Alcuni autori hanno sostenuto che, anche per determinare la somma destinata all'accantonamento annuale a titolo di trattamento di fine mandato dell'amministratore, sarebbe bene osservare le regole dettate dal Legislatore per il T.F.R., utilizzando quindi lo stesso parametro previsto per il trattamento di fine rapporto dei lavoratori dipendenti, ossia l'entità del compenso globale annuo erogato all'amministratore. Deporrebbe in tal senso il comma 4 dell'art. 105 T.U.I.R., a mente del quale le disposizioni concernenti la deducibilità degli accantonamenti ai fondi per le indennità di fine rapporto e ai fondi di previdenza per il personale dipendente di cui ai commi 1 e 2 del medesimo art. 105, valgono anche per gli accantonamenti relativi alle indennità di fine rapporto di cui all'art. 17 comma 1, lett. c), d) ed f). In sostanza, il rinvio al comma 1 dell'art. 17 inserito nell'art. 105, comma 4 T.U.I.R. parrebbe replicare le limitazioni sancite riguardo al lavoro subordinato, per il rapporto di collaborazione coordinata e continuativa sottostante alle indennità di fine mandato degli amministratori. Il tutto in linea con il cit. art. 50, comma 1, lettera c- bis) T.U.I.R. il quale, nell'assimilare esplicitamente i compensi degli amministratori ai redditi di lavoro dipendente, potrebbe giustificare l'estensione della disciplina fiscale dettata per il lavoro dipendente anche al T.F.M.. Si tratta, invero, di una tesi osteggiata da quanti coltivano l'idea della diversa natura del T.F.M. rispetto al T.F.R., adducendo a sostegno non soltanto l'inapplicabilità ai compensi corrisposti agli amministratori dell'art. 36 Cost., ma altresì il dettato della Circolare 26 gennaio 2001, n. 5/E, secondo cui «l'art. 34 della legge 21 novembre 2000, n. 342, ha modificato il trattamento fiscale applicabile ai redditi derivanti da rapporti di collaborazione coordinata e continuativa, disponendone l'assimilazione ai redditi di lavoro dipendente. Tale assimilazione concerne le modalità di determinazione del reddito del collaboratore ai fini delle imposte dirette, ma non si configura quale assimilazione delle due tipologie di rapporto di lavoro a tutti gli effetti di legge».

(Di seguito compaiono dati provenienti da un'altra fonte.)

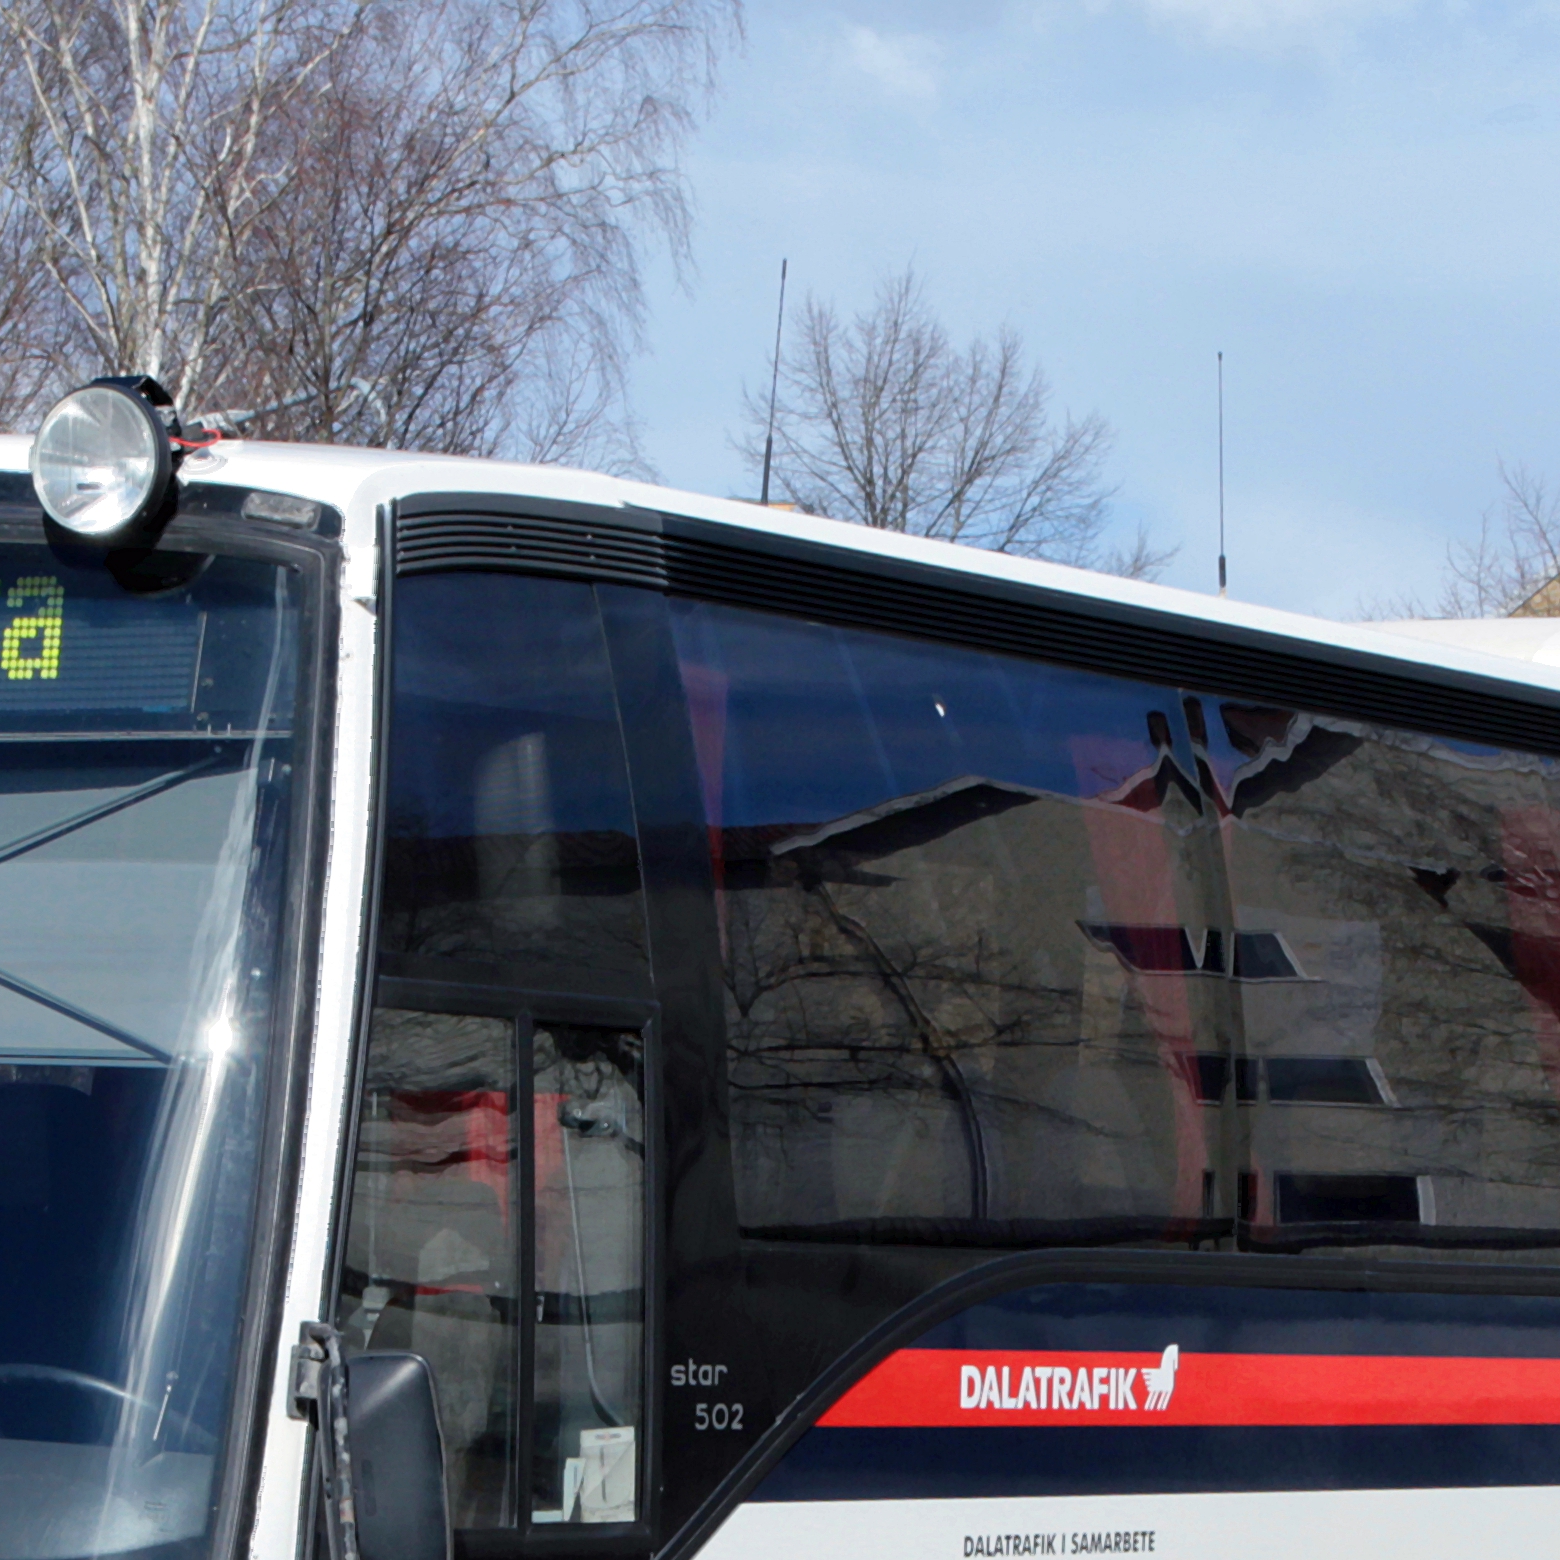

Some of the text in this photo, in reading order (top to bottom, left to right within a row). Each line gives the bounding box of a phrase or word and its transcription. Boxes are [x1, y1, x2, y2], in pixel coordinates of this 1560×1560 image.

Ebbene, a sgombrare il campo da qualsiasi dubbio è intervenuta la Giurisprudenza che, pur premettendo la diversità del T.F.M. rispetto al T.F.R., ha comunque decretato la facoltà, dell'Amministrazione finanziaria, di porre in essere un sindacato di ragionevolezza e proporzionalità del T.F.M. rispetto alla realtà economica dell'impresa, in primis per il tramite di un giudizio di inerenza. A ben guardare, infatti, l'Amministrazione finanziaria ha sempre facoltà di valutare la congruità dei costi esposti nel bilancio e nelle dichiarazioni dei redditi e procedere alla loro rettifica, specie quando- anche in assenza di irregolarità nella tenuta delle scritture contabili o di vizi degli atti giuridici compiuti nell'esercizio di impresa- appaiono sproporzionati ai ricavi e all'oggetto dell'impresa, così negando il diritto alla deducibilità menzionato dall'art. 109 T.U.I.R. Ciò in quanto la verifica della congruità dei componenti di reddito negativi avviene in base all'inerenza degli stessi: il contribuente deduce il costo se e solo se lo stesso è legato all'attività di impresa esercitata e, cioè, alla capacità che tale spesa ha di produrre reddito.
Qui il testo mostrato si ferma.